Yiddish will probably never fully recover the status and vitality it enjoyed before World War II, when the majority of the 11 million European Jews then alive were using it daily. Specialists cannot give precise figures of the number of Yiddish speakers around the world today. "But we know that Yiddish is still a language of communication particularly in many ultra-Orthodox communities in New York, Antwerp, Paris, and in Israel," says Alain Alvarez Pereir, who studies oral Jewish languages for the French National Center for Scientific Research.

Yiddish carries a people's history. Born in the late 9th and 10th centuries in the Rhine region of Lotharingia (a former kingdom that included the Alsace-Lorraine area of modern France), Yiddish's evolution testifies to the fate of the European Jewish communities throughout 1,000 years.

The steps in the formation of Yiddish, a so-called language of fusion, correspond to the major events, persecutions, and migrations that affected Jews. Yiddish began as a mixture of Hebrew and Aramaic, which remained the Jews' holy languages, and the dialects of the cities where they were then settled: mainly Germanic languages in south Germany and Romance languages in northern France and Italy.

Starting in the 13th century and the massive migrations toward the East, some elements of Slavic languages started to influence Yiddish. Five centuries later, Yiddish was spoken from Switzerland to the Baltic Sea and from Alsace to Russia.

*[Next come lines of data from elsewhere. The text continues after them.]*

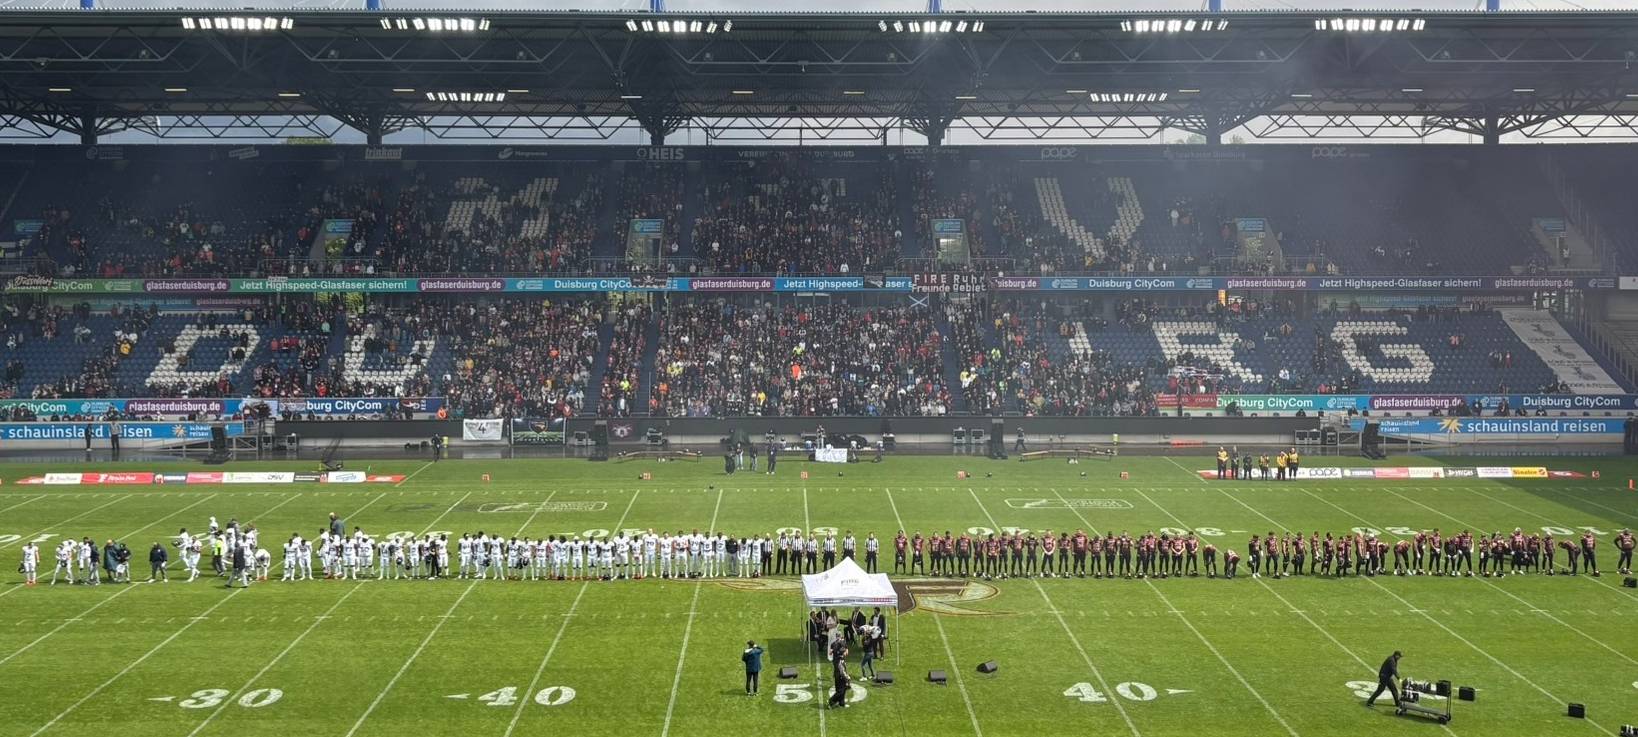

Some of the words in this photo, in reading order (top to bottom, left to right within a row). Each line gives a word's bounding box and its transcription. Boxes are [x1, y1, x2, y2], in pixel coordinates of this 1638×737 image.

[784, 279, 806, 289] Jetzt
[914, 274, 947, 283] FIRE
[1320, 279, 1342, 288] Jetzt
[1345, 279, 1442, 290] Highspeed-Glasfaser
[1444, 278, 1481, 288] sichern!
[1495, 279, 1573, 289] glasfaserduisburg.de
[146, 281, 227, 292] glasfaserduisburg.de
[240, 281, 263, 290] Jetzt
[267, 281, 365, 293] Highspeed-Glasfaser
[369, 281, 407, 290] sichern!
[421, 281, 501, 291] glasfaserduisburg.de
[555, 280, 597, 291] Duisburg
[600, 280, 632, 291] CityCo
[693, 280, 770, 291] glasfaserduisburg.de
[911, 283, 950, 292] Freunde
[1089, 279, 1131, 290] Duisburg
[1134, 279, 1175, 290] CityCom
[1227, 279, 1306, 290] glasfaserduisburg.de
[335, 400, 381, 412] CityCom
[1267, 397, 1313, 409] CityCom
[1523, 396, 1571, 408] Duisburg
[1575, 396, 1620, 408] CityCom
[1467, 419, 1559, 432] schauinsland
[1563, 420, 1606, 432] reisen
[9, 425, 103, 438] schauinslad
[478, 686, 576, 706] 40
[1062, 682, 1158, 702] 40
[179, 688, 284, 708] 30

IN the 19th century, pogroms, anti-Semitism, and hard economic times brought about new waves of emigration from Europe. Hundreds of thousands of Jews went to North and South America, taking their language with them. Despite a period of intense literary activity in the 1920s and '30s, however, Yiddish seemed doomed to disappear. It was largely overwhelmed by brutal repression in the former Soviet Union, by assimilation in the American melting pot, and by annihilation in the Holocaust. In 1948, Yiddish was spoken by only 5 million to 6 million people.

Paradoxically, Israel dealt Yiddish its final blow. Yiddish lost the language battle in which it was pitted against Hebrew. The fight was particularly fierce within the Zionist movement over the choice of a language for the Jewish people and its future state. …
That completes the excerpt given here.